Friday, October 17, 2025

The Relationship Between Growth Rate and EFN

Imagine your business is like a car driving on the road of growth.

The faster you want to go (meaning a higher growth rate), the more fuel you need.
In business terms, that extra fuel is money — and usually, it comes from external financing.

That’s what we call EFN (External Financing Needed) — the amount of extra funding your company needs to support its growth.

  • When your growth is slow, your company can grow using its own money (retained earnings, spontaneous liabilities, etc.).

  • But when your growth is fast, internal funds usually aren’t enough — so you’ll need to bring in external funds.


How Growth Increases EFN

Let’s break it down step by step:

  1. Sales increase → You need to produce or buy more goods.

  2. To produce more → You need more assets (machines, materials, employees, inventory).

  3. More assets → You need more money.

  4. But internal funds are limited → So you turn to external financing.

That’s why a higher growth rate often means a higher EFN — because fast growth needs more resources than the company can generate internally.

Let’s say your company’s sales in 2025 are 100 billion $ and you plan to grow next year.

Sales Growth RateApproximate EFNExplanation
5%1 billionLow growth → internal funds are enough
20%5 billionModerate growth → some external financing needed
40%12 billionHigh growth → strong need for external financing

 As sales growth increases, EFN also rises.


 But Here’s the Caveat

This relationship isn’t perfectly linear. A smart company can manage its finances to reduce EFN even while growing quickly.
Here’s how:

  1. Improve profitability → generate more internal funds.

  2. Use assets more efficiently → produce more with less investment.

  3. Negotiate longer payment terms with suppliers → more spontaneous liabilities.

  4. Reduce dividend payout → keep more earnings inside the business.
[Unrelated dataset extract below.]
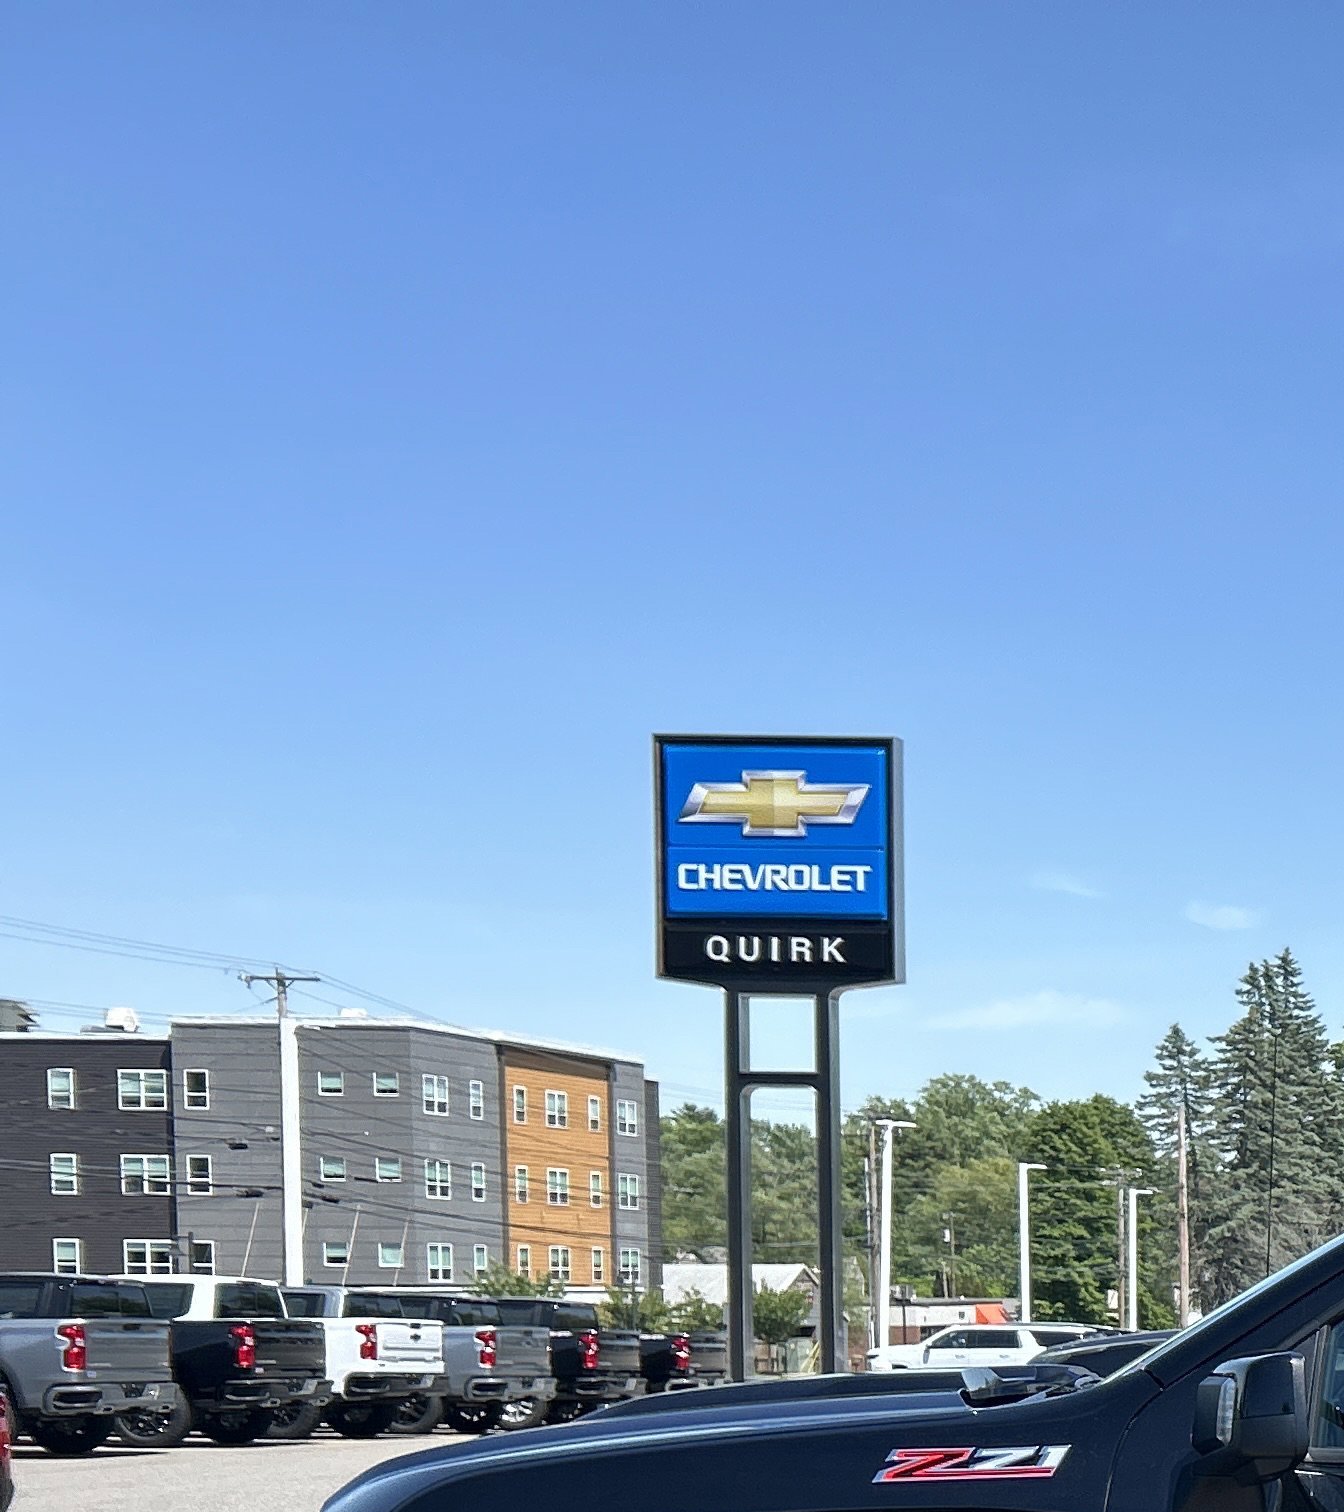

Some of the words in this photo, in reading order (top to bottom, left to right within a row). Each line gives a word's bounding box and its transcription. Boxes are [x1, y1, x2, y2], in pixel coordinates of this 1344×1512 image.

  5. Control growth → avoid expanding faster than your finances can handle.

 Summary

Growth Rate    EFN LevelWhat It Means
Low     Low EFN           Growth is supported by internal funds
Moderate   Medium EFN          Mix of internal and external financing
High     High EFN            Heavy reliance on external capital

In result:

Fast growth feels exciting — but without enough financial “fuel,” it can be risky.
A truly successful business doesn’t just grow quickly; it grows wisely, balancing expansion with smart EFN management.